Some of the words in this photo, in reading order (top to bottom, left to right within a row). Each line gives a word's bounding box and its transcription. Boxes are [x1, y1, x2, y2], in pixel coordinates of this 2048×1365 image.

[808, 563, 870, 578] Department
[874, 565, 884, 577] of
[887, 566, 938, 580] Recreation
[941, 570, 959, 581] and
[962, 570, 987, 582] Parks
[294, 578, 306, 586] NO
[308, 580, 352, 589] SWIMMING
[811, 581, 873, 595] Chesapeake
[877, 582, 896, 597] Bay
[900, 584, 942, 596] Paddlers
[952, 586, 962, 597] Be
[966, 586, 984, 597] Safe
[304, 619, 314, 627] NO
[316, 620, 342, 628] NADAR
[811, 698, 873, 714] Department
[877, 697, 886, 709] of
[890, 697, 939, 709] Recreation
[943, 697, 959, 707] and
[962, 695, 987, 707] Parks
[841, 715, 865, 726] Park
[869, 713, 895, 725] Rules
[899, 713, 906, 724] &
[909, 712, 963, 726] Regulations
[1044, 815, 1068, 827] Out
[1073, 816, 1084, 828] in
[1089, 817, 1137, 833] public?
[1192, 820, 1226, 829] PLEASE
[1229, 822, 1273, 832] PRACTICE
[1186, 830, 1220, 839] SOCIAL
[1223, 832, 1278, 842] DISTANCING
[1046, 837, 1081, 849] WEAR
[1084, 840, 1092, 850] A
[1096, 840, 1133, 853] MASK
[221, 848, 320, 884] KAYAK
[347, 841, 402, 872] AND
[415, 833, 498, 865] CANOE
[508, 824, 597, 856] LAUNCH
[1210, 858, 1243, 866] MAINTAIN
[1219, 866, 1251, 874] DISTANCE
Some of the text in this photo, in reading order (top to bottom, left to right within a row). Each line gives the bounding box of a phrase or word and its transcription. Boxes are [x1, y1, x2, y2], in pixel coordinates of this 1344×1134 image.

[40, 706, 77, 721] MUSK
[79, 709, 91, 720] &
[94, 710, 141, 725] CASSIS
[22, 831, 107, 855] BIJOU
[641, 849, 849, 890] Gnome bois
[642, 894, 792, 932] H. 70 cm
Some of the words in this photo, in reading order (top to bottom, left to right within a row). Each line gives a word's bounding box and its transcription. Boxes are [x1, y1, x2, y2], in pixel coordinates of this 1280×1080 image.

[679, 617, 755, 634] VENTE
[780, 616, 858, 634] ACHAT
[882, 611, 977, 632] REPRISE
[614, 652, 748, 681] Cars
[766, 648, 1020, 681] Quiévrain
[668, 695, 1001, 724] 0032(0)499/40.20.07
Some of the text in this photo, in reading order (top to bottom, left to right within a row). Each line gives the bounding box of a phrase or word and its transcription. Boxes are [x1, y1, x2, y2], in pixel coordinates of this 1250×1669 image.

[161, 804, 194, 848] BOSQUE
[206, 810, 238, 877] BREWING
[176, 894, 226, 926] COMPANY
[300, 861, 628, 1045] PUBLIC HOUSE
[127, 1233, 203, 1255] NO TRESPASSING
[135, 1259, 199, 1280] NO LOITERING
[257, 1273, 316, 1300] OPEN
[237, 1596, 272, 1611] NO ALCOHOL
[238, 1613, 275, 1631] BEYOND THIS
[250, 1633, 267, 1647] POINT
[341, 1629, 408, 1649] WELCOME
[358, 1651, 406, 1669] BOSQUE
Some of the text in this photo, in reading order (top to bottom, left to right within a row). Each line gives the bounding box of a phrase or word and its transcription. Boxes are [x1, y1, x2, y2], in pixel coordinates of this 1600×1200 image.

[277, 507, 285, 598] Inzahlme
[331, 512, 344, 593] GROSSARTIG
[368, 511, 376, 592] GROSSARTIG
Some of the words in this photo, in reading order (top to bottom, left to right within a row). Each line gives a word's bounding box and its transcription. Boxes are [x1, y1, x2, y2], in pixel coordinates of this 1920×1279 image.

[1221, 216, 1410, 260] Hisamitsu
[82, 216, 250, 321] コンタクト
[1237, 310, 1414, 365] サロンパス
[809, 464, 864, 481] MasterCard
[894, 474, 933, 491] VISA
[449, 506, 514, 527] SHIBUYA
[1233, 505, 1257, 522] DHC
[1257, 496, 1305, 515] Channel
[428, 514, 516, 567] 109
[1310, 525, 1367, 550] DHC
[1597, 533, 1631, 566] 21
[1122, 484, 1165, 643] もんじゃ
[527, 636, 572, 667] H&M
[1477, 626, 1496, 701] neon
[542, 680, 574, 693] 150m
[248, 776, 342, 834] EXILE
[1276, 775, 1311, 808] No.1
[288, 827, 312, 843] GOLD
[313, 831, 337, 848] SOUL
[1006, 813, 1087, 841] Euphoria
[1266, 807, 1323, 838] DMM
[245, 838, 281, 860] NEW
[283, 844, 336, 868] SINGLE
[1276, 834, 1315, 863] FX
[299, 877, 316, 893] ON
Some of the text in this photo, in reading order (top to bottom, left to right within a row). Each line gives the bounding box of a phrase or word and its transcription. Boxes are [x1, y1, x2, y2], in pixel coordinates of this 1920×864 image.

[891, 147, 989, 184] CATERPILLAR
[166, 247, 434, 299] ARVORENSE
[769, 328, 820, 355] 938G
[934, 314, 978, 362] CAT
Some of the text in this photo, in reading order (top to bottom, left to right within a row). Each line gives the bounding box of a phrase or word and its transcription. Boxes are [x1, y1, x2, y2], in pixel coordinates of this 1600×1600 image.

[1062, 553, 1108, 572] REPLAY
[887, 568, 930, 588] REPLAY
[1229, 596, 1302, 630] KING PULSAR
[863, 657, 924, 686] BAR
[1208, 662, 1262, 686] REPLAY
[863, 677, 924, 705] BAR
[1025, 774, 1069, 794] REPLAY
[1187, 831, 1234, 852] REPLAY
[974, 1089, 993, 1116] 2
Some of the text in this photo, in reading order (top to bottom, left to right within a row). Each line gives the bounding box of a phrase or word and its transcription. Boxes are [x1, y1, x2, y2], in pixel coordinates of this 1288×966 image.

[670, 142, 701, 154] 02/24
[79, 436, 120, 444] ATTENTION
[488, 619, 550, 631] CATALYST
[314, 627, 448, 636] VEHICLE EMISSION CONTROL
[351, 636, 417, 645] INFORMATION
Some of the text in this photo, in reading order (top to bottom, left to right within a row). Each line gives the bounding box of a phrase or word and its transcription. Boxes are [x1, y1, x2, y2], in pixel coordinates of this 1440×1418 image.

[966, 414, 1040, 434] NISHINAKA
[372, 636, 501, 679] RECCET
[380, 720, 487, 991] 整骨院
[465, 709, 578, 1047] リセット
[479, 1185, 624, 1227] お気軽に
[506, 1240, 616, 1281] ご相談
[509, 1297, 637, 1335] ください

◇ ◇ ◇ ◇ ◇

Exactly as written, copy the lines from the one containing "this 1440×1418 image." to the end of the entries, both ends included.

__Answer__.
Some of the text in this photo, in reading order (top to bottom, left to right within a row). Each line gives the bounding box of a phrase or word and its transcription. Boxes are [x1, y1, x2, y2], in pixel coordinates of this 1440×1418 image.

[966, 414, 1040, 434] NISHINAKA
[372, 636, 501, 679] RECCET
[380, 720, 487, 991] 整骨院
[465, 709, 578, 1047] リセット
[479, 1185, 624, 1227] お気軽に
[506, 1240, 616, 1281] ご相談
[509, 1297, 637, 1335] ください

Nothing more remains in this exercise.